The internet, to regulate or not to regulate? House of Lords calls for new digital regulator

The House of Lords Select Committee on Communications has published a report recommending a new approach to, and comprehensive and holistic strategy for, regulating the digital environment. Unsurprisingly the report concludes that the "digital world has not kept pace with its role in our lives" and, in particular, it calls for the establishment of a new 'Digital Authority' to provide oversight, as well as instruct and co-ordinate existing regulators. While over a dozen regulators have partial responsibility for regulating the digital market, no one regulator has complete oversight. The Committee argues that this has resulted in a digital environment that is fragmented, with gaps and overlaps, as well as  a regulatory infrastructure that is incapable of responding to the challenges that the modern online world presents.

Digital Authority: The Authority would also continually assess the regulatory landscape and make recommendations to improve the efficiency of any regulatory framework. To ensure regulatory flexibility, the Authority will be guided by ten principles; namely  those of parity, accountability, transparency, openness, privacy, ethical design, recognition of children's rights, respect for human rights and equality, education on navigating the digital world and proportionality. The Committee also recommends that the new Authority reports into a new joint parliamentary committee whose remit would be to consider all matters related to the digital environment.

There are a number of other recommendations for the current regulatory environment set out in the report, these include:

• Ethical technology:
  • Data protection and privacy:
    • The report notes that whilst the General Data Protection Regulation ("GDPR") and Data Protection Act 2018 provide valuable safeguards for individuals (including subject access rights to ensure data are accurate and up to date), there are weaknesses in the regime.

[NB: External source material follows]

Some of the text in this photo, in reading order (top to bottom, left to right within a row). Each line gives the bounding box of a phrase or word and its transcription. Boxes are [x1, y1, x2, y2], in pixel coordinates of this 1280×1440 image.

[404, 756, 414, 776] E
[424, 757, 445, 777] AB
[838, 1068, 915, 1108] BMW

For example, a subject access request does not automatically provide access to behavioural data generated about the subject because it is "deemed to be the property of the company that acquired it".
    • The Committee recommends that users of internet services should have the right to receive a transparency report from data controllers on request which show not only what data they hold on the data subject (currently the case under the GDPR) but also behavioural data held in respect of that data subject (including that received from third parties and how they are obtained).
    • The Committee also suggests that controllers and processors are required to publish an annual data transparency statement setting out which forms of behavioural data they generate or purchase from third parties, how they are stored, for how long and how they are used and transferred. The report considers other areas of data protection as well such as safety settings in services by default, accountability transparency and age appropriate designs.
  • Ethical by design:
    • To reflect existing concepts of "rights by design", "privacy by design", "security by design" and "safety by design" the Committee recommends that ethical issues should be considered at the design process. The report concludes that establishing and enforcing standards that meet the ten principles (referred to above) would help reduce harm to users and society, whilst also recognising the importance of innovation and entrepreneurship.
    • The Committee suggests that digital service providers (such as hardware manufacturers, operators of digital platforms (including social media platforms and entertainment platforms) and games developers) should keep a record of time spent using their service which may be easily accessed by users, with periodic reminders of prolonged or extended use through pop-ups notices or similar according to an agreed industry standard. It was also recommended that the Information Commissioner's Office should set rules for use of algorithms, conducting audits and requiring explanations of how algorithms work. The ICO should also publish a code of best practice and possibly develop a gold-industry "kitemark" for the use of algorithms.
• Online service providers and platforms: The Committee considers that "notice and take-down" procedure are not an appropriate method of regulating harmful content online. It recommends that online services that host user-generated content which can be openly accessed and use by the public, should be subject to a statutory duty of care, which Ofcom should have the responsibility to enforce.
• Competition recommendations: The report acknowledges the modern internet is made up of a concentration of market power in a small number of companies that operate online platforms and that ex post analyses used by competition regulators is lagging behind, for example, large technology companies acquiring start-up companies before they become competitive. The Committee recommends that the Government consider a public-interest test for data-driven mergers and acquisitions. It was also suggested that the Government recognise the inherent power of intermediaries and widen the consumer welfare standard to take account of long-term innovation.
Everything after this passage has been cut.